• _What is expected_
Lines with the word "this" in them must be copied from the records below.

• _Information supplied_
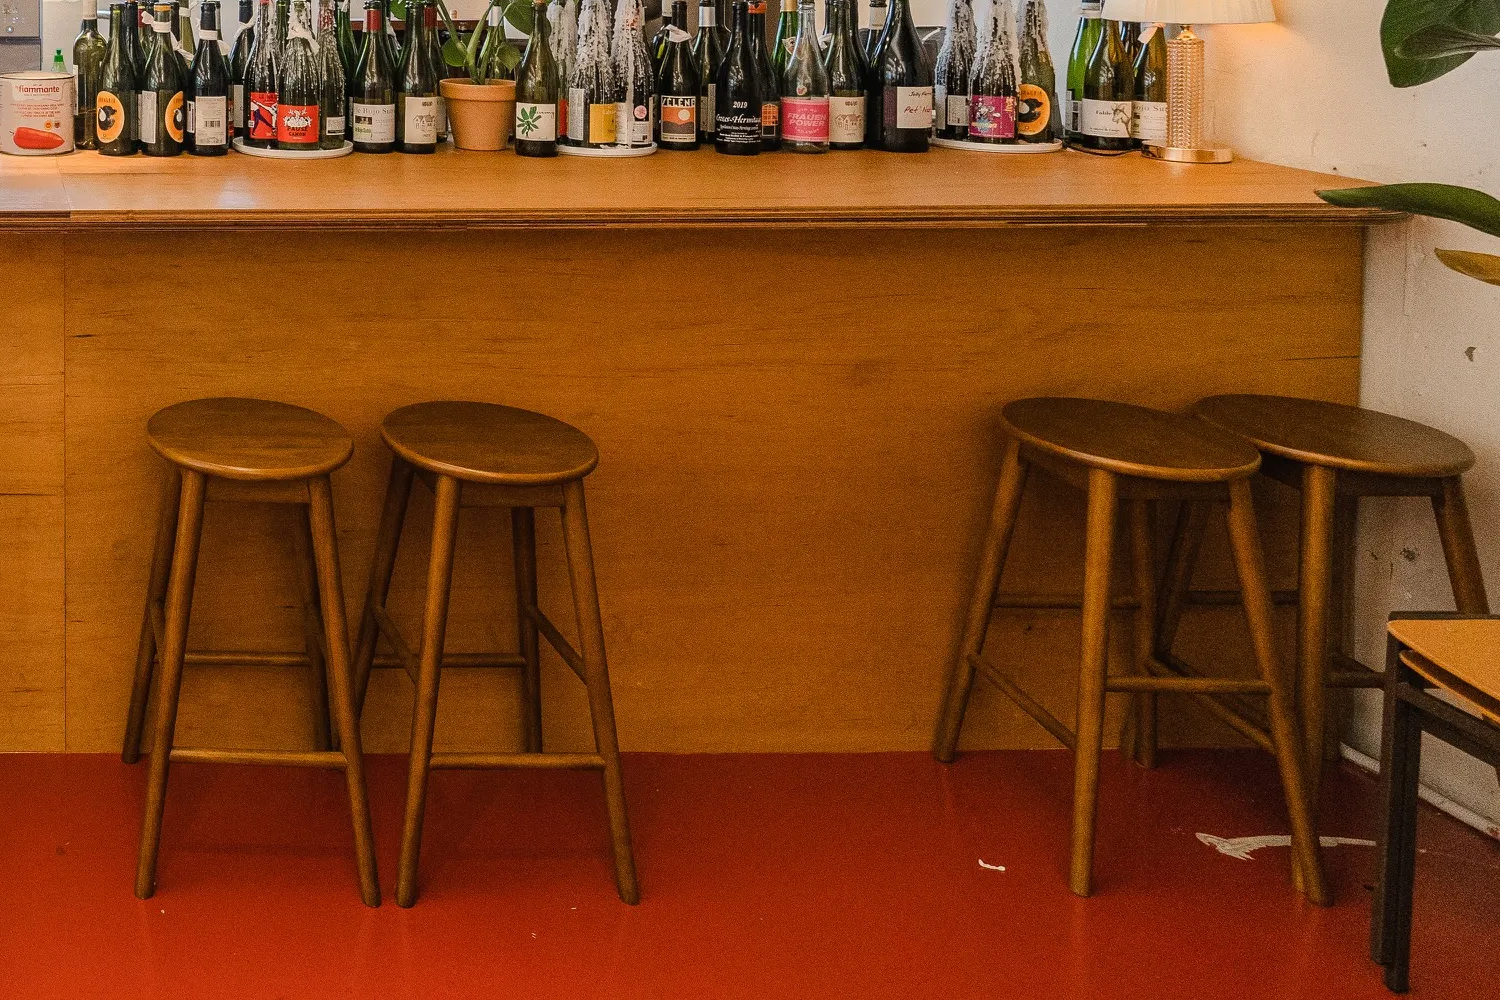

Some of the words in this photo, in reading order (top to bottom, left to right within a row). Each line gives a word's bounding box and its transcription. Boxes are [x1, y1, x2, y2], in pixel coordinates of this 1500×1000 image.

[19, 85, 60, 93] fiammante
[787, 112, 827, 121] FRAUEN
[789, 119, 825, 127] POWER
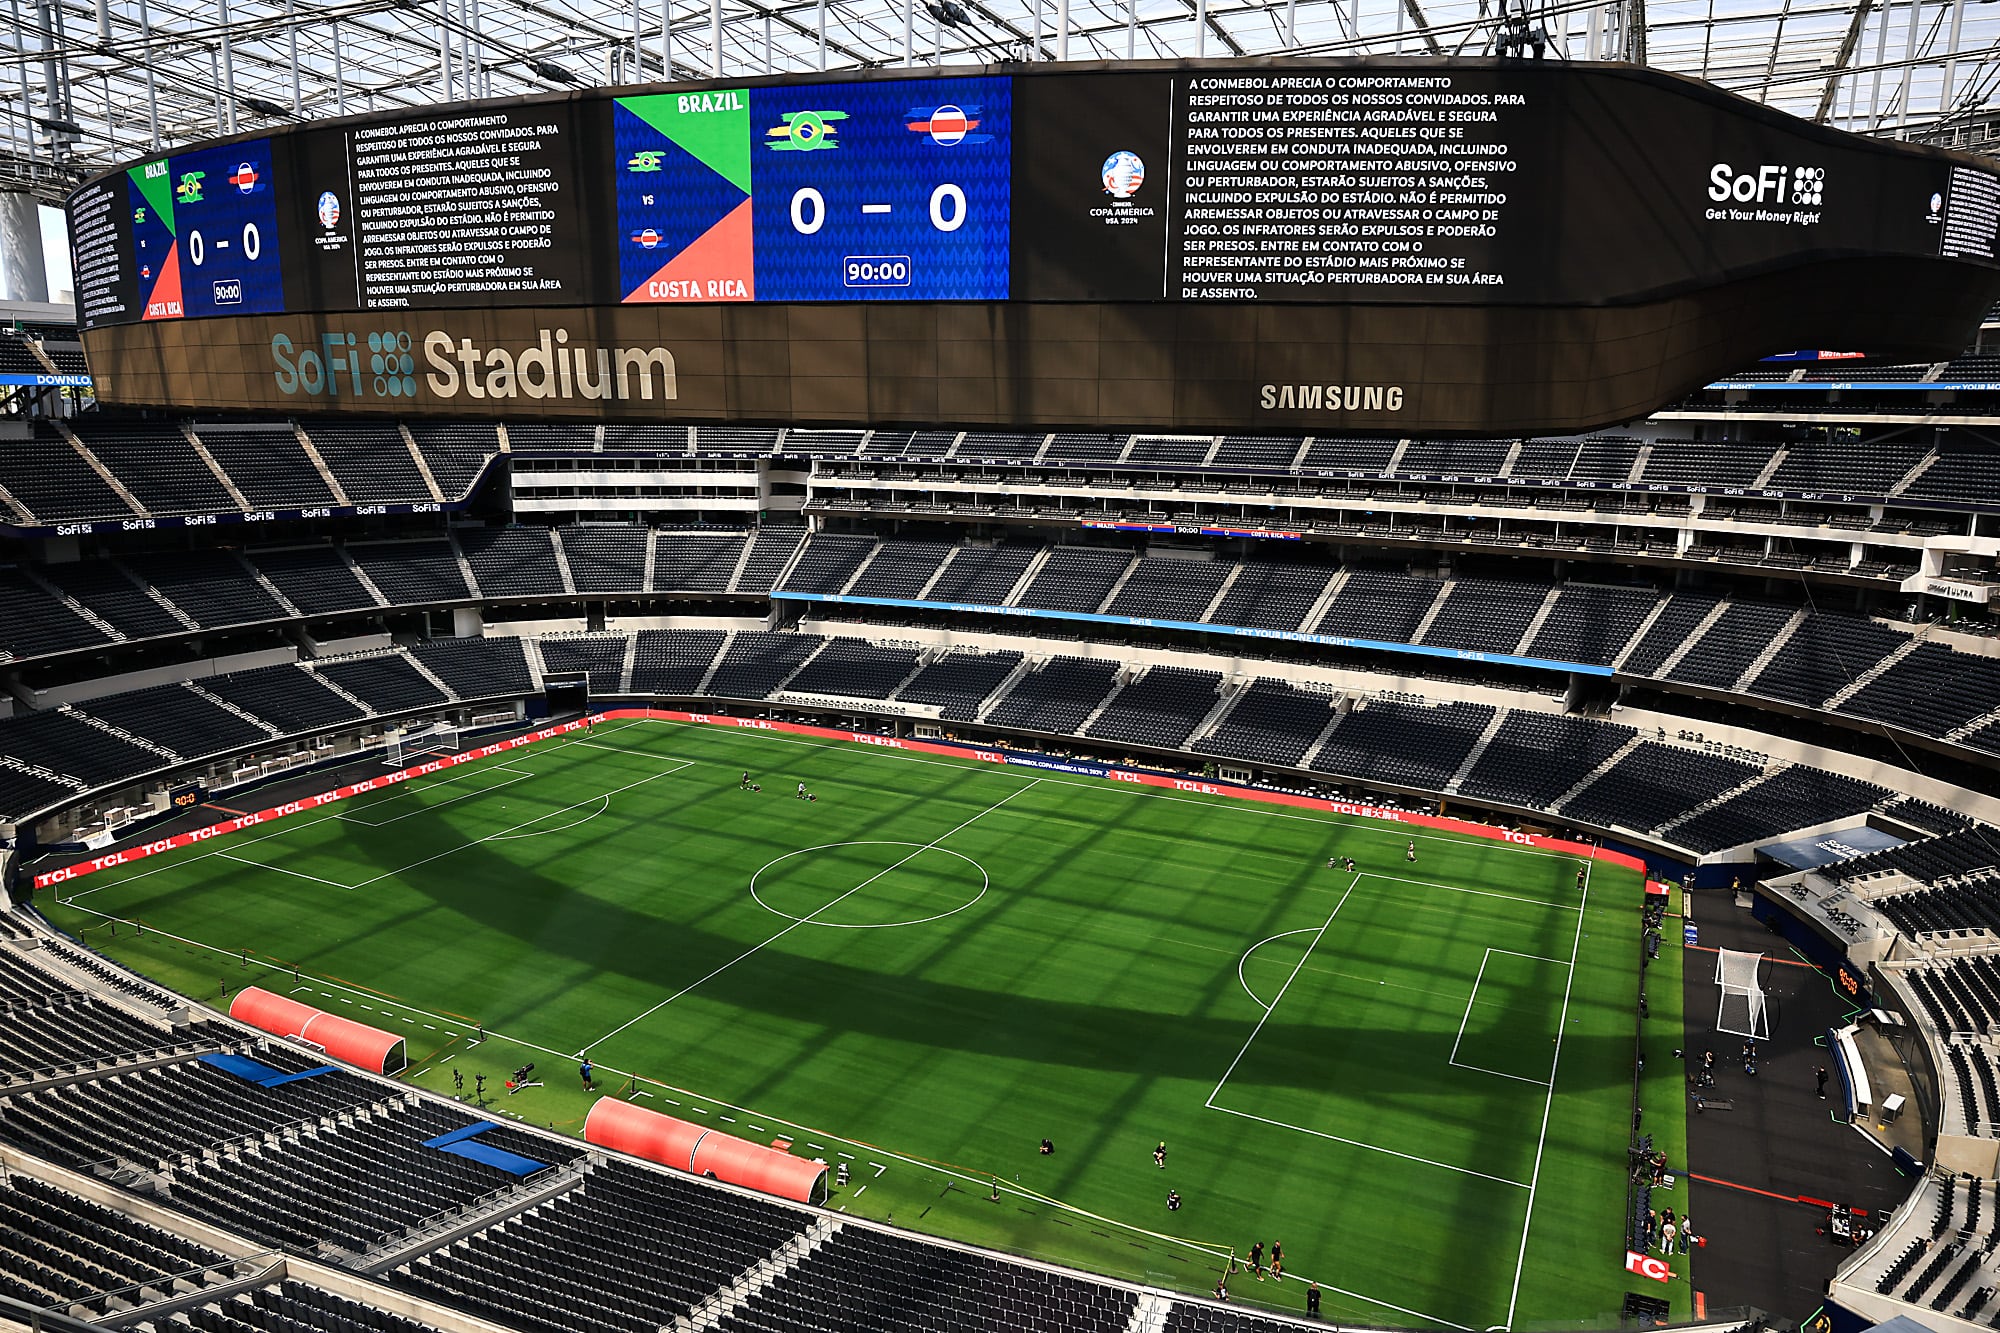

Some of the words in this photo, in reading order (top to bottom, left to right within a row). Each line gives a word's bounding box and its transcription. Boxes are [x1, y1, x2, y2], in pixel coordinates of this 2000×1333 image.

[1189, 79, 1198, 89] A
[1201, 78, 1269, 89] CONMEBOL
[1271, 77, 1322, 88] APRECIA
[1326, 78, 1335, 88] O
[1339, 77, 1451, 88] COMPORTAMENTO
[678, 92, 743, 114] BRAZIL
[1189, 94, 1263, 105] RESPEITOSO
[1267, 94, 1283, 105] DE
[1285, 94, 1328, 104] TODOS
[1331, 94, 1348, 104] OS
[1352, 94, 1402, 104] NOSSOS
[1406, 94, 1491, 104] CONVIDADOS.
[1494, 94, 1525, 104] PARA
[1188, 111, 1248, 122] GARANTIR
[1252, 111, 1279, 121] UMA
[1282, 109, 1361, 121] EXPERIÊNCIA
[1363, 109, 1435, 121] AGRADÁVEL
[1438, 111, 1445, 121] E
[1448, 111, 1497, 121] SEGURA
[1188, 128, 1219, 138] PARA
[1221, 128, 1263, 138] TODOS
[1266, 128, 1283, 138] OS
[1287, 127, 1358, 137] PRESENTES.
[1360, 127, 1416, 139] AQUELES
[1419, 128, 1445, 139] QUE
[1448, 128, 1463, 138] SE
[1188, 144, 1267, 154] ENVOLVEREM
[1271, 144, 1288, 154] EM
[1292, 143, 1350, 154] CONDUTA
[1354, 144, 1437, 156] INADEQUADA,
[1440, 144, 1507, 154] INCLUINDO
[144, 162, 168, 179] BRAZIL
[1187, 160, 1256, 170] LINGUAGEM
[1260, 160, 1278, 170] OU
[1282, 160, 1392, 170] COMPORTAMENTO
[1395, 160, 1451, 172] ABUSIVO,
[1454, 160, 1516, 171] OFENSIVO
[1186, 177, 1204, 187] OU
[1208, 176, 1298, 188] PERTURBADOR,
[1301, 174, 1355, 186] ESTARÃO
[1359, 176, 1415, 187] SUJEITOS
[1417, 177, 1426, 187] A
[1429, 175, 1488, 190] SANÇÕES,
[1708, 164, 1788, 203] SoFi
[1186, 193, 1252, 203] INCLUINDO
[1255, 191, 1317, 203] EXPULSÃO
[1321, 193, 1339, 203] DO
[1343, 191, 1396, 203] ESTÁDIO.
[1399, 191, 1426, 203] NÃO
[1429, 191, 1436, 203] É
[1440, 193, 1506, 204] PERMITIDO
[790, 187, 826, 235] 0
[930, 184, 967, 232] 0
[1090, 208, 1114, 216] COPA
[1706, 209, 1726, 221] Get
[1729, 209, 1754, 222] Your
[1756, 210, 1791, 225] Money
[190, 230, 204, 266] 0
[244, 222, 260, 260] 0
[364, 247, 383, 256] JOGO.
[384, 246, 394, 255] OS
[395, 244, 437, 254] INFRATORES
[438, 241, 462, 252] SERÃO
[464, 240, 503, 251] EXPULSOS
[505, 240, 510, 249] E
[511, 237, 551, 248] PODERÃO
[365, 261, 377, 269] SER
[378, 259, 405, 268] PRESOS.
[406, 258, 428, 267] ENTRE
[430, 257, 440, 265] EM
[442, 255, 476, 265] CONTATO
[478, 255, 495, 264] COM
[497, 254, 504, 263] O
[848, 262, 906, 281] 90:00
[216, 285, 239, 300] 90:00
[649, 280, 701, 298] COSTA
[708, 279, 748, 298] RICA
[150, 302, 166, 316] COSTA
[167, 301, 182, 315] RICA
[272, 332, 363, 398] SoFi
[424, 328, 678, 401] Stadium
[1261, 384, 1403, 411] SAMSUNG
[301, 508, 321, 519] SoFi
[356, 506, 376, 516] SoFi
[412, 504, 431, 513] SoFi
[184, 516, 206, 526] SoFi
[244, 512, 264, 522] SoFi
[57, 524, 80, 536] SoFi
[122, 519, 144, 530] SoFi
[1178, 526, 1198, 534] 90:00
[1234, 628, 1254, 636] GET
[1255, 630, 1281, 639] YOUR
[1282, 631, 1317, 642] MONEY
[1457, 650, 1475, 659] SoFi
[589, 714, 607, 724] TCL
[689, 714, 710, 723] TCL
[737, 718, 758, 728] TCL
[564, 721, 582, 732] TCL
[538, 729, 557, 739] TCL
[852, 733, 874, 744] TCL
[510, 736, 530, 748] TCL
[481, 744, 502, 756] TCL
[975, 751, 998, 762] TCL
[451, 753, 474, 765] TCL
[420, 762, 443, 774] TCL
[386, 771, 410, 783] TCL
[1115, 771, 1141, 782] TCL
[351, 780, 377, 794] TCL
[1174, 780, 1201, 792] TCL
[314, 790, 341, 805] TCL
[274, 801, 303, 816] TCL
[1331, 803, 1360, 816] TCL
[233, 813, 263, 829] TCL
[189, 825, 221, 842] TCL
[1502, 830, 1535, 845] TCL
[142, 838, 177, 855] TCL
[91, 852, 128, 870] TCL
[38, 867, 77, 886] TCL

• _Your solution_
Some of the words in this photo, in reading order (top to bottom, left to right within a row). Each line gives a word's bounding box and its transcription. Boxes are [x1, y1, x2, y2], in pixel coordinates of this 1500×1000 image.
Some of the words in this photo, in reading order (top to bottom, left to right within a row). Each line gives a word's bounding box and its transcription. Boxes are [x1, y1, x2, y2], in pixel coordinates of this 2000×1333 image.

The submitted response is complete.